The Association for Conflict Resolution (ACR) is pleased to announce this Notification of Funding Availability (NOFA) and request for initial proposal ideas for the 2021 funding cycle of the JAMS Foundation-ACR Initiative for Students and Youth in supporting Conflict Resolution Education for youth.  The mission of the JAMS Foundation-ACR Initiative is to provide financial support for conflict resolution education and training (CRE) for Pre-K through 12th grade students and youth.

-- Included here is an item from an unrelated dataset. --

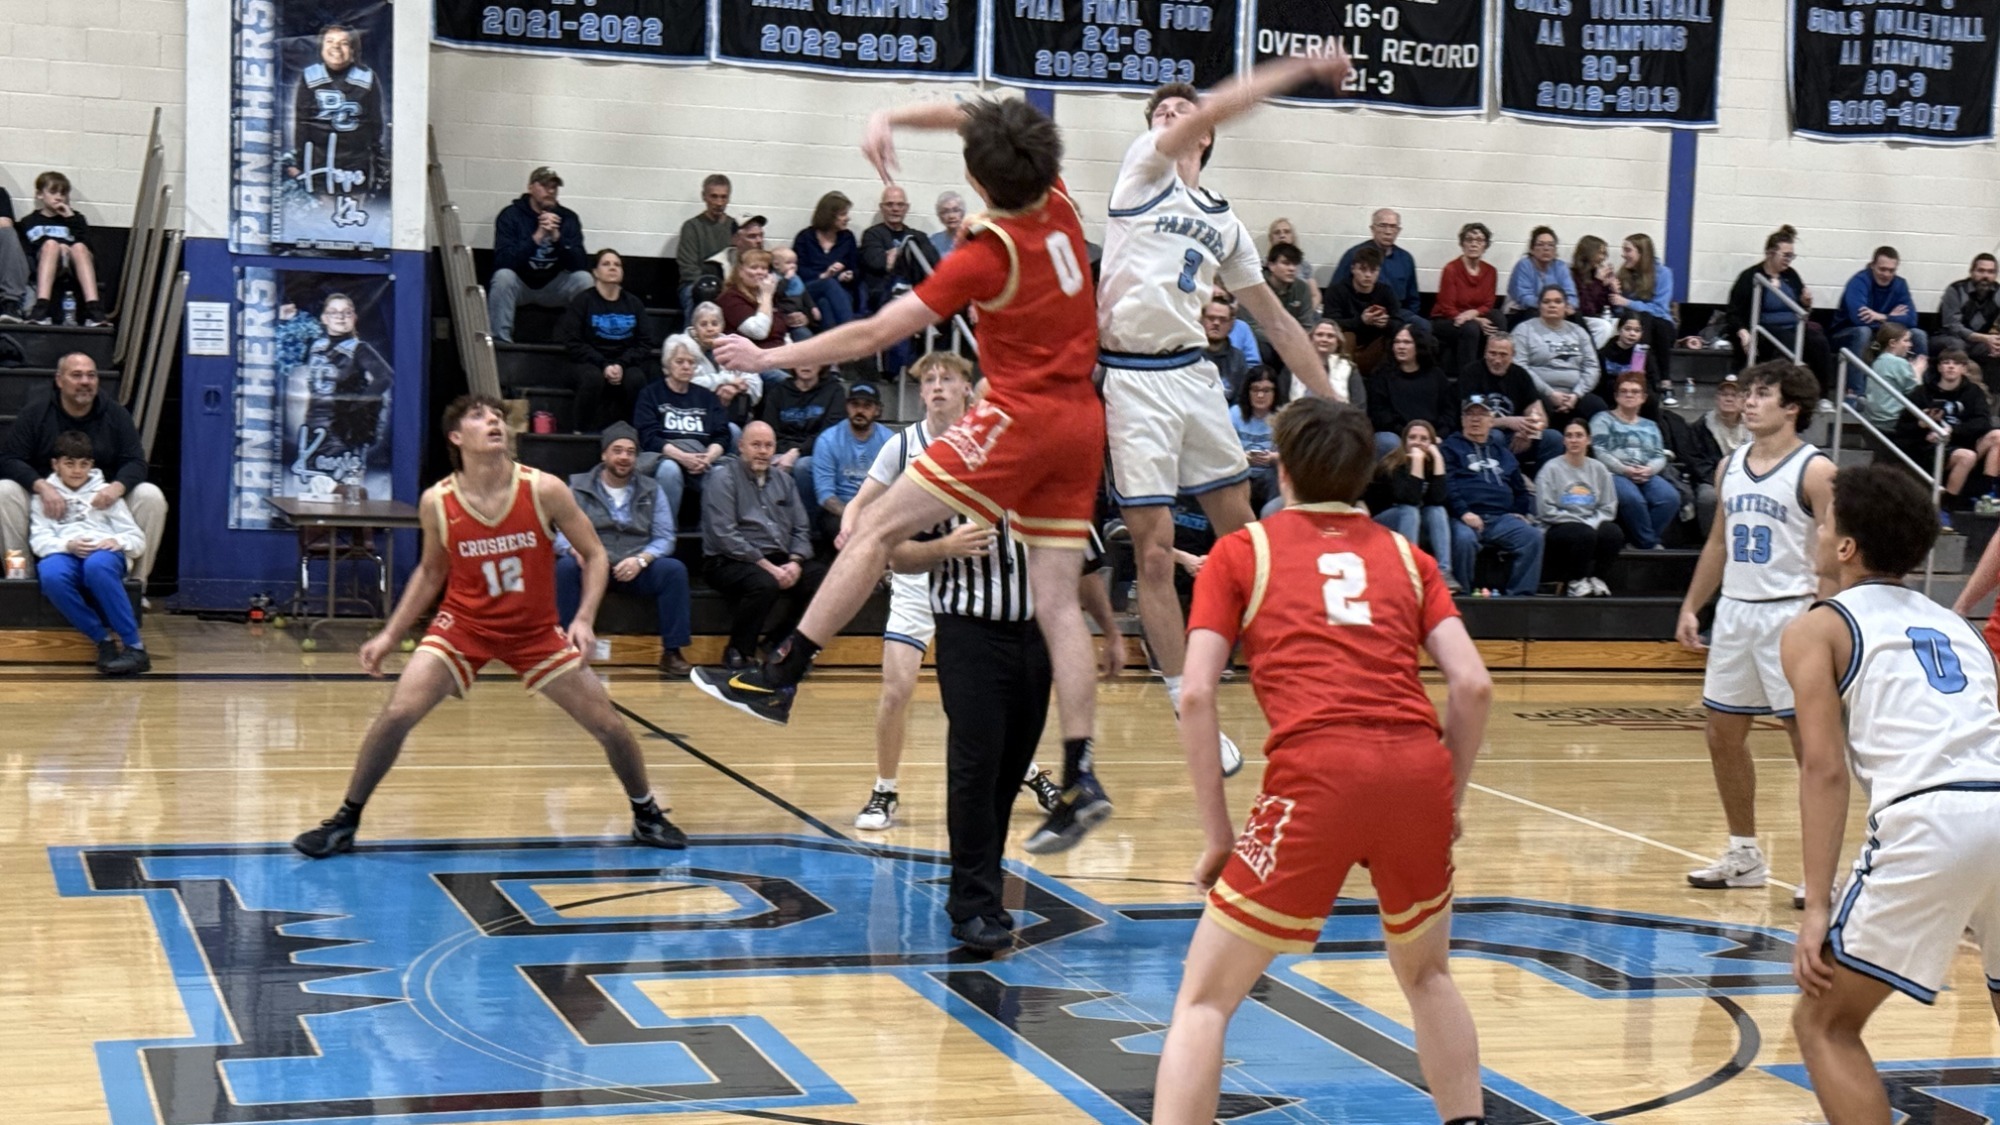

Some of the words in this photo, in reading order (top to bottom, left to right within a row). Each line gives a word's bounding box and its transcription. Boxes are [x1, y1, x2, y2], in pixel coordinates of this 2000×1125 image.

The populations to be served by the funding streams will be both (1) youth in Pre-K through 12th grade age range and (2) adults working with these youth populations in ways that directly transfer CRE skills for adults to the youth populations.

The 2021 Funding Focus
The current era of the pandemic has brought about academic disruption as well as challenges in housing, economics, food and health security.  Massive changes have occurred in every area of life, resulting in unprecedented levels of uncertainty and stress, particularly for youth living in difficult circumstances.  The proposed project would help to increase participants' feelings of safety and empowerment during this exceptionally challenging time by utilizing young people as trainers and program implementers to teach and promote conflict resolution skills that create and enhance their ability to express their voices in one of the following settings: 

  • foster care
  • homeless shelters
  • domestic violence shelters
  • youth correctional facilities 

The measure of success will be youth reporting increased opportunity, because of conflict resolution education, training or services, to be empowered to:

  1. develop, explore, and make their choices in how they handle conflict.
  2. engage with other youth and adults from a framework of mutuality and collaboration.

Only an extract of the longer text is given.